Hal böyle olunca; kuraklığın yol açacağı hasar sınırlı
tutulabiliyor ve tarım sektöründe sürdürülebilir gelir imkânı
doğuyor. Fakat tek sorun kuraklık mı? Ya da çiftçinin mazotu,
gübresi veya kredisi mi? Bana göre bunlardan daha derin sorunumuz
var ve artık bunu çözmemiz gerekiyor.
O da akıl kuraklığı dediğim yapıdır. Tarım yapılabilecek ama
parçalanma ve bölünmeden dolayı iyice küçülüp halı büyüklüğüne
düşüp ekilemeyecek hale gelen 2 milyon hektar arazimiz var. Bu
yüzden her yıl 8 milyar liralık kayba uğruyoruz.

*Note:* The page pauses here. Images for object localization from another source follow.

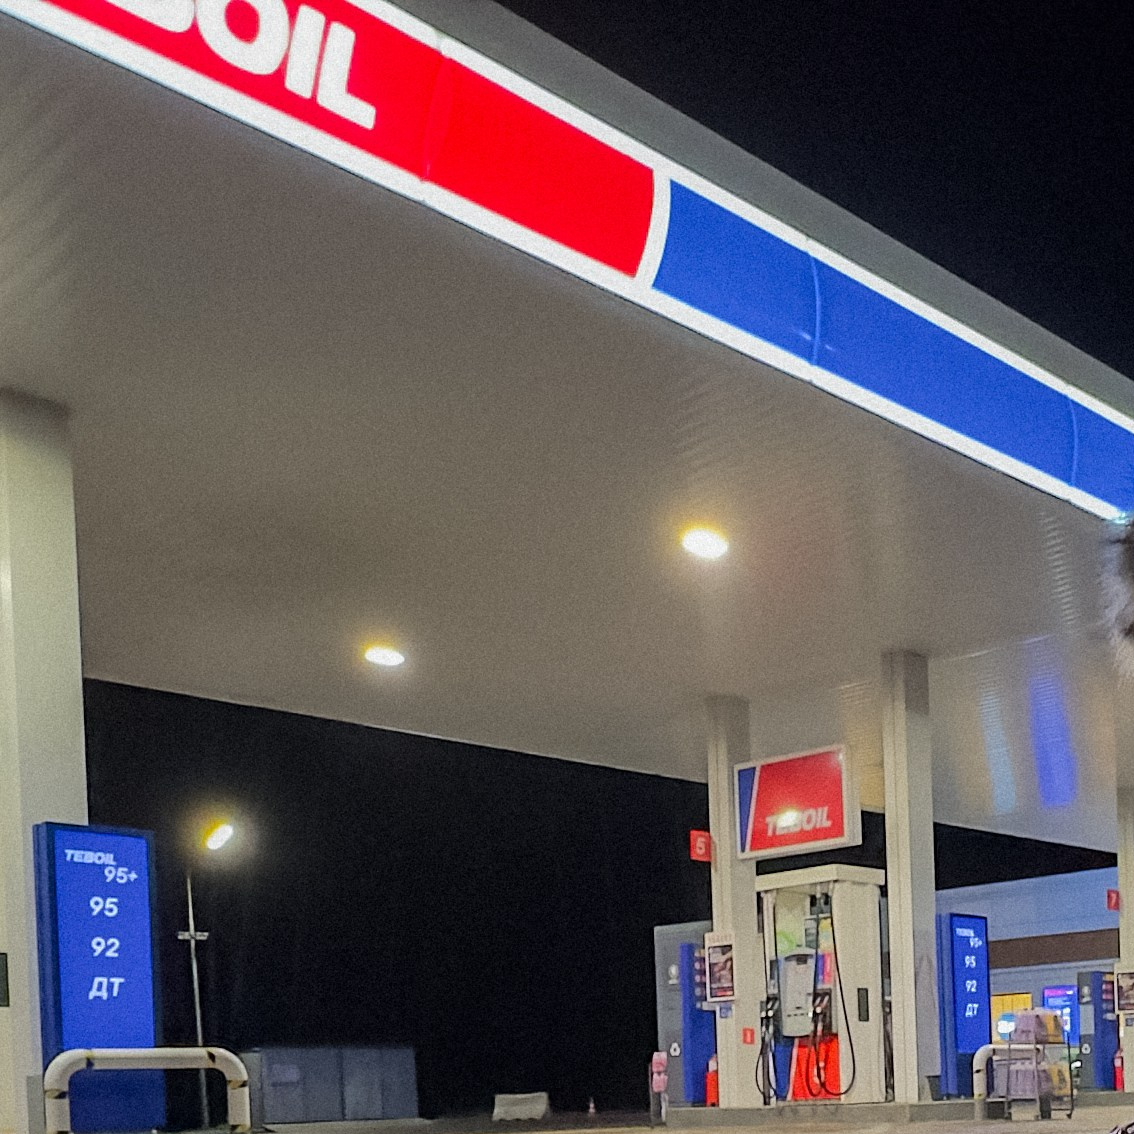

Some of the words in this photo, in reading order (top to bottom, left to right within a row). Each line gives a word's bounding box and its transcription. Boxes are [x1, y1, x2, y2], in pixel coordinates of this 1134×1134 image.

[64, 849, 117, 865] TEBOIL
[104, 866, 138, 884] 95+
[89, 896, 119, 918] 95
[91, 936, 120, 958] 92
[965, 955, 976, 968] 95
[88, 977, 125, 1000] ДТ
[966, 980, 977, 993] 92
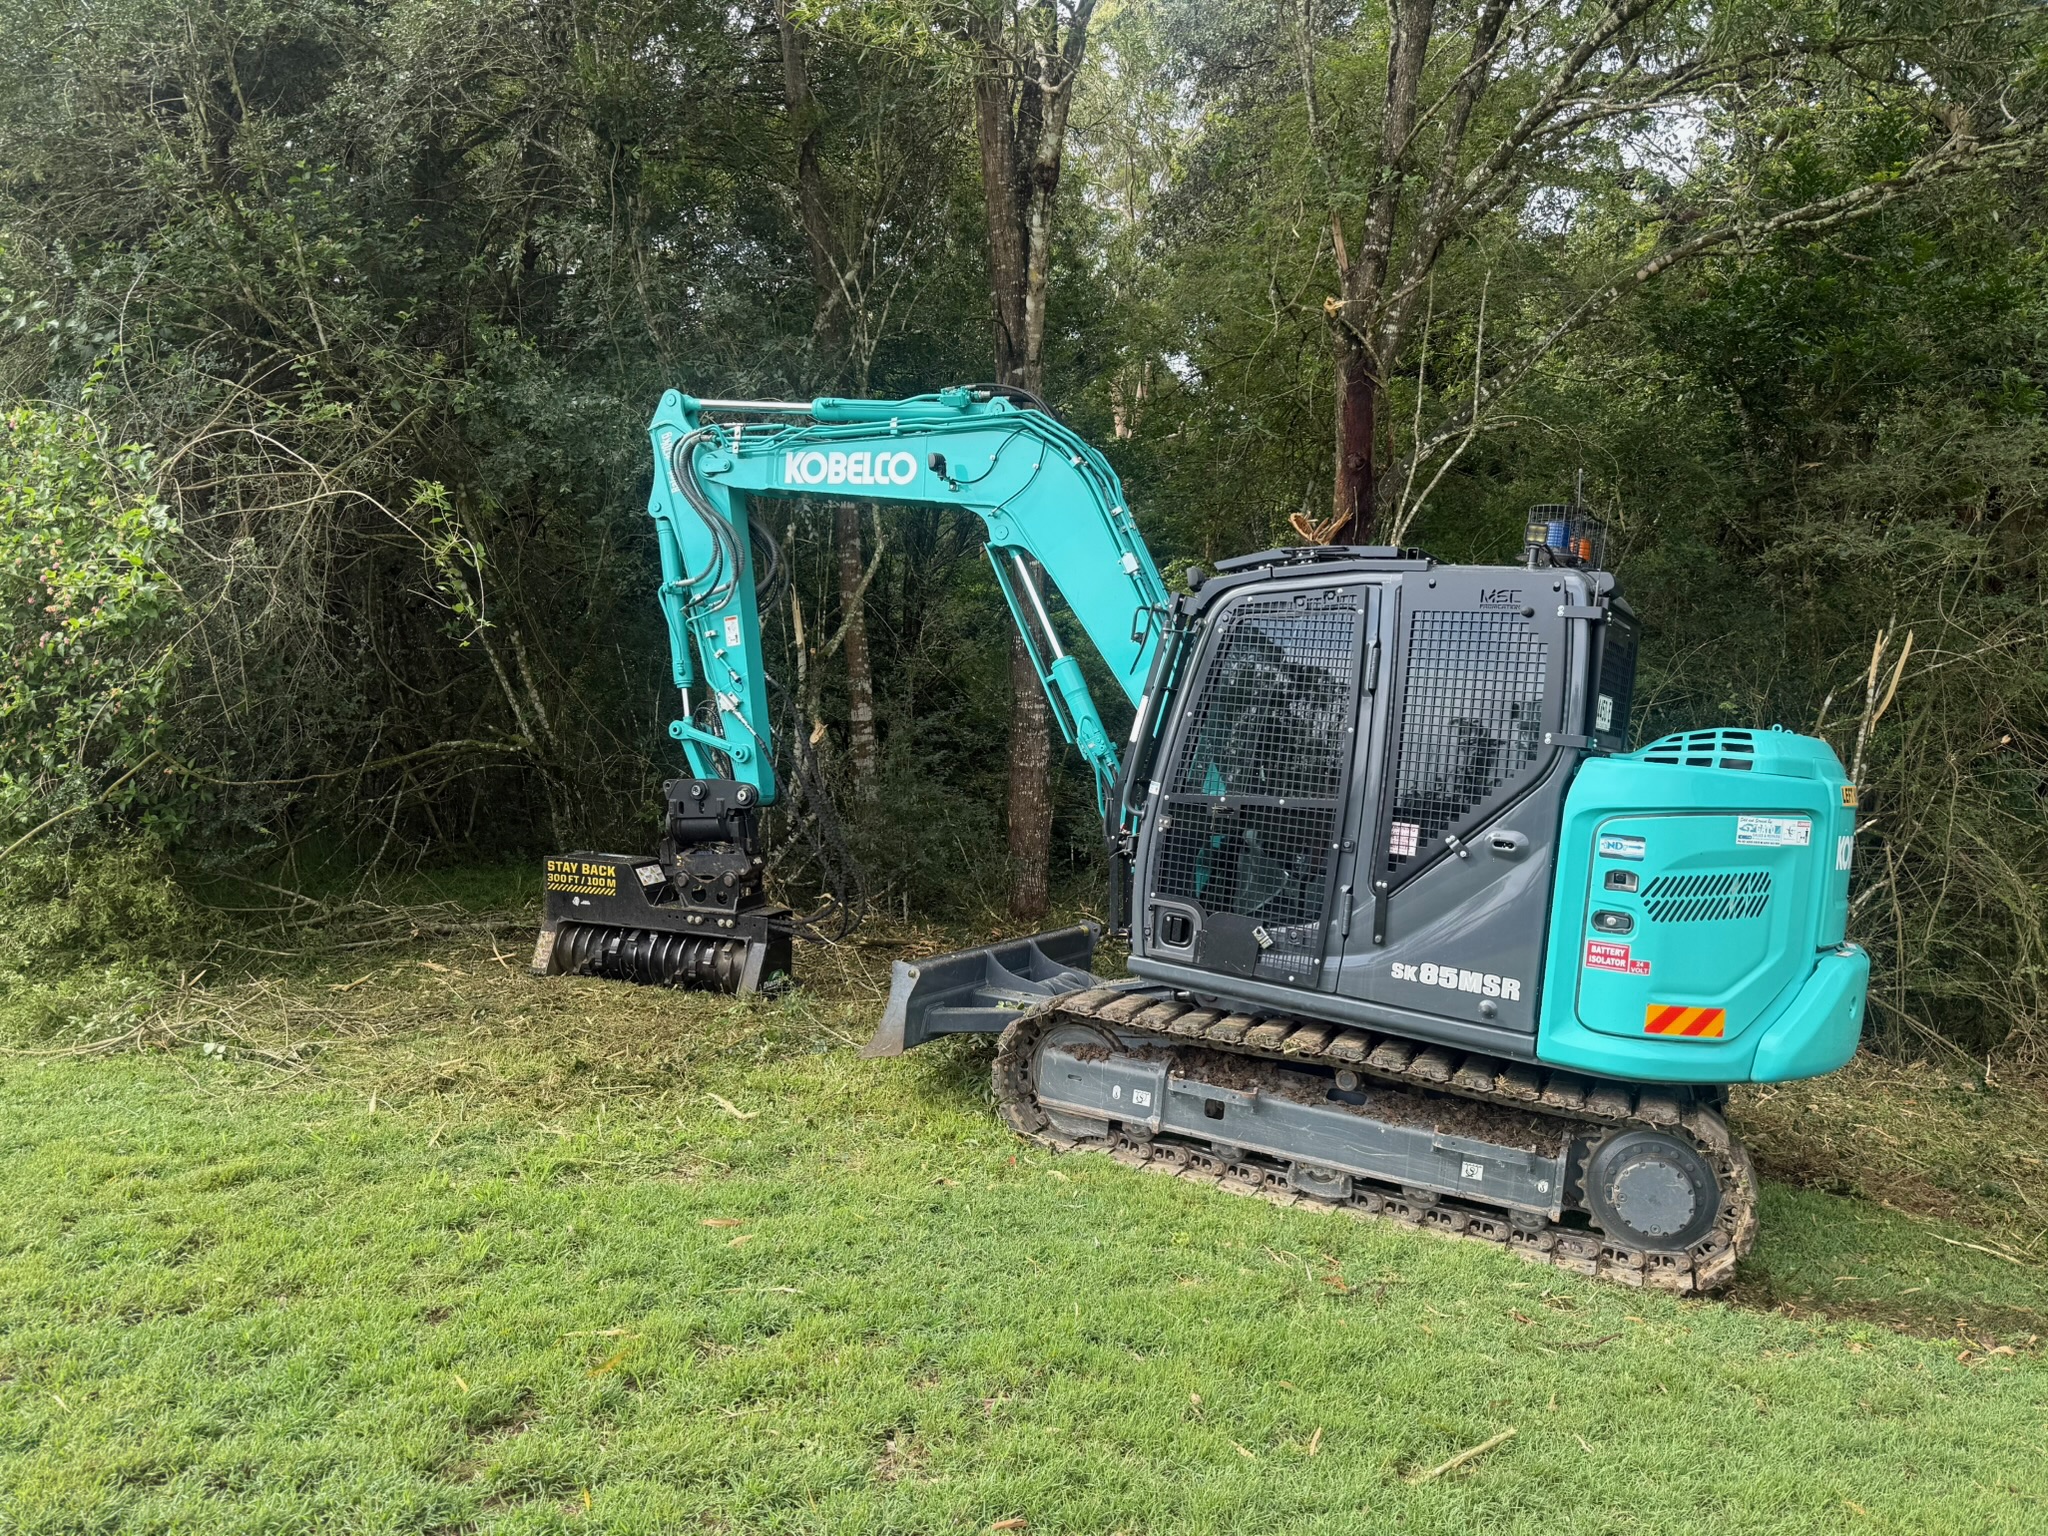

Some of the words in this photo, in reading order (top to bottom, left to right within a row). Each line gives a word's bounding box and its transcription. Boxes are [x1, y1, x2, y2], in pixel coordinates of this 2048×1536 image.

[784, 451, 917, 485] KOBELCO
[1480, 589, 1522, 603] MSC
[547, 860, 578, 874] STAY
[581, 863, 616, 877] BACK
[547, 873, 567, 882] 300
[568, 875, 579, 884] FT
[580, 876, 585, 884] /
[587, 877, 606, 887] 100
[606, 879, 616, 887] M
[1591, 945, 1626, 957] BATTERY
[1588, 954, 1626, 967] ISOLATOR
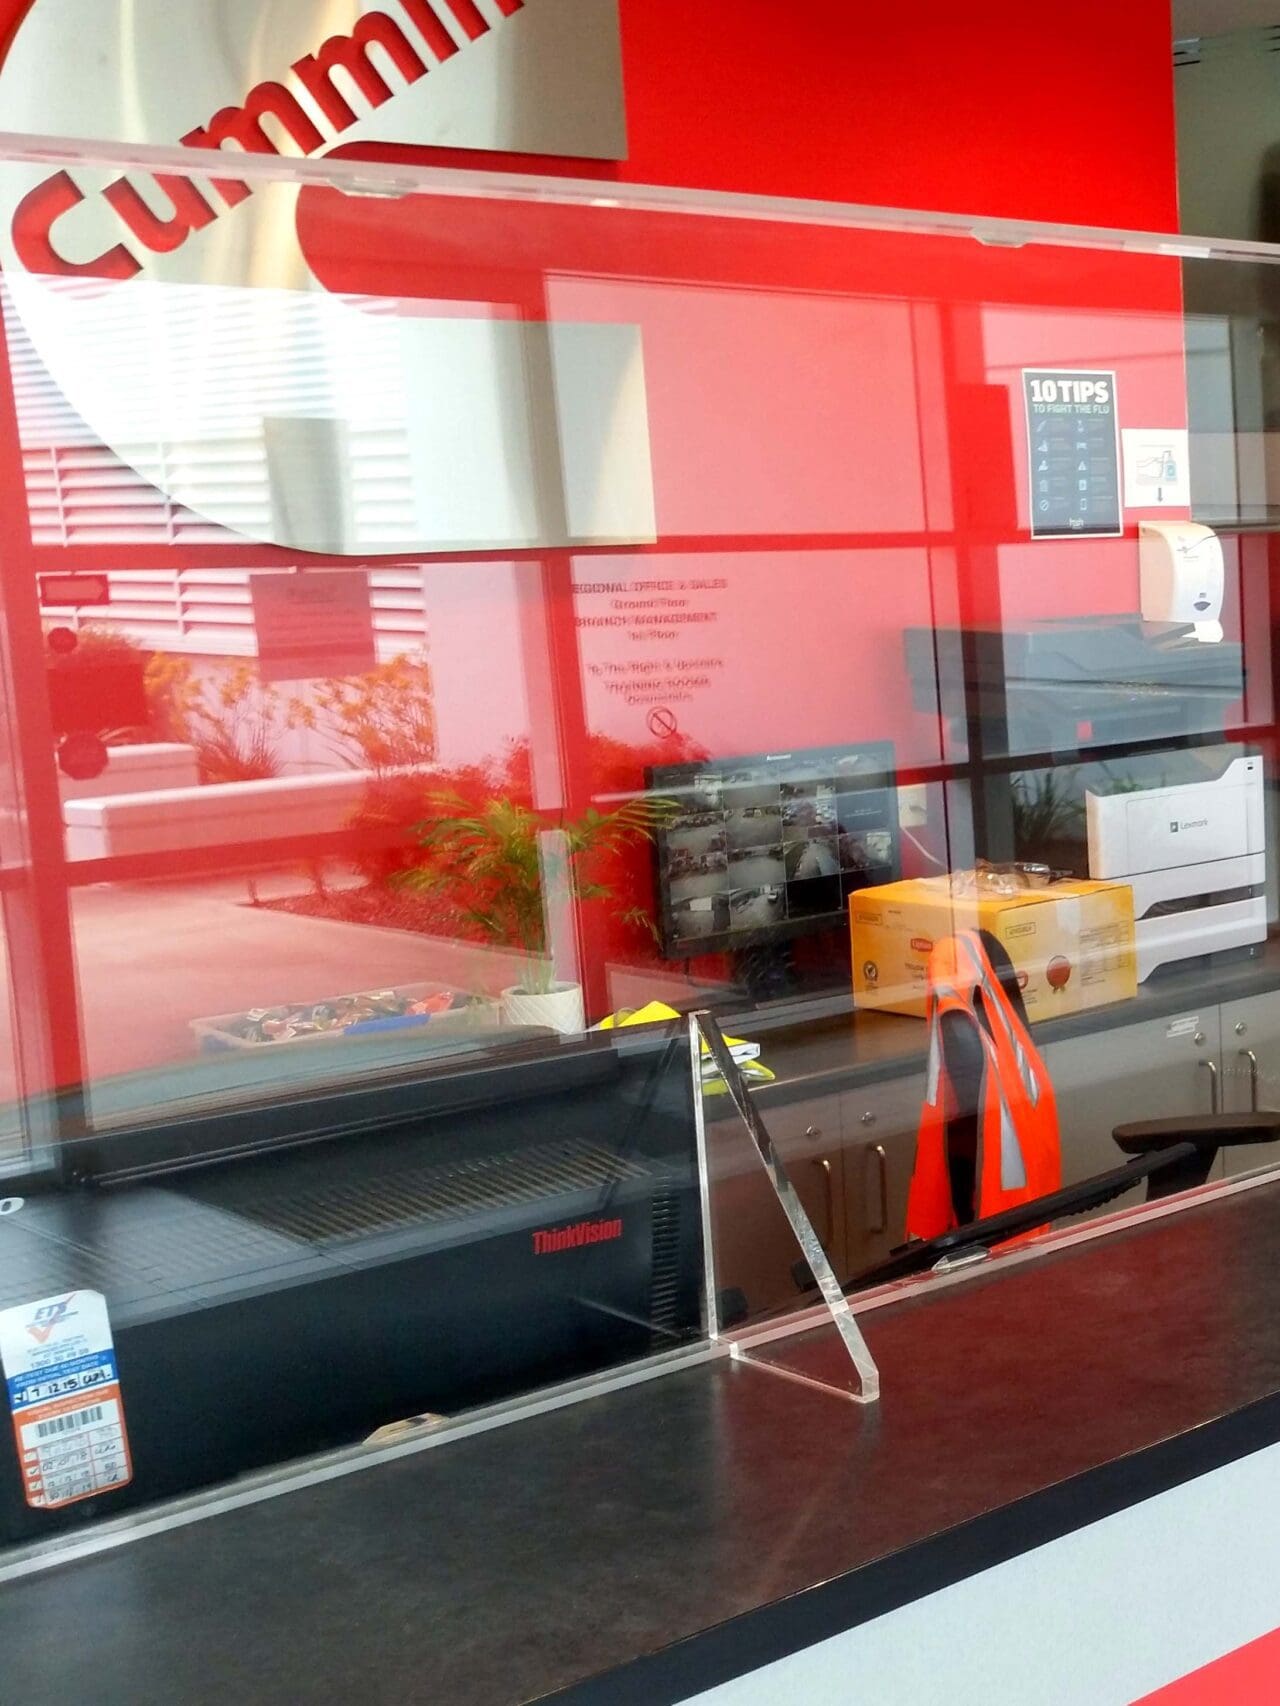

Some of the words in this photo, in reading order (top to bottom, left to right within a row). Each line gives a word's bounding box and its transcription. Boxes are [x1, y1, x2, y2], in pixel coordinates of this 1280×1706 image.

[11, 0, 524, 299] Cummi
[1030, 380, 1057, 403] 10
[1057, 380, 1109, 404] TIPS
[1033, 404, 1046, 414] TO
[1046, 404, 1072, 414] FIGHT
[1074, 404, 1092, 414] THE
[1092, 404, 1110, 414] FLU
[532, 1219, 623, 1255] ThinkVision

Büyük maliyetler ödeyerek tarımda gelişmeyi sağlamanın akılcı
yollarını son 10 yıldır geliştirebildik. Bunlardan bana göre en
önemlisi; arazi bütünleştirilmesidir. Ancak bu sayede ölçek ekonomi
kavramı zihnimizde yer etmeye başladı. Ürün mirasla bölünsün ama
toprak bütünlüğü ile işletme kavramı yeşersin…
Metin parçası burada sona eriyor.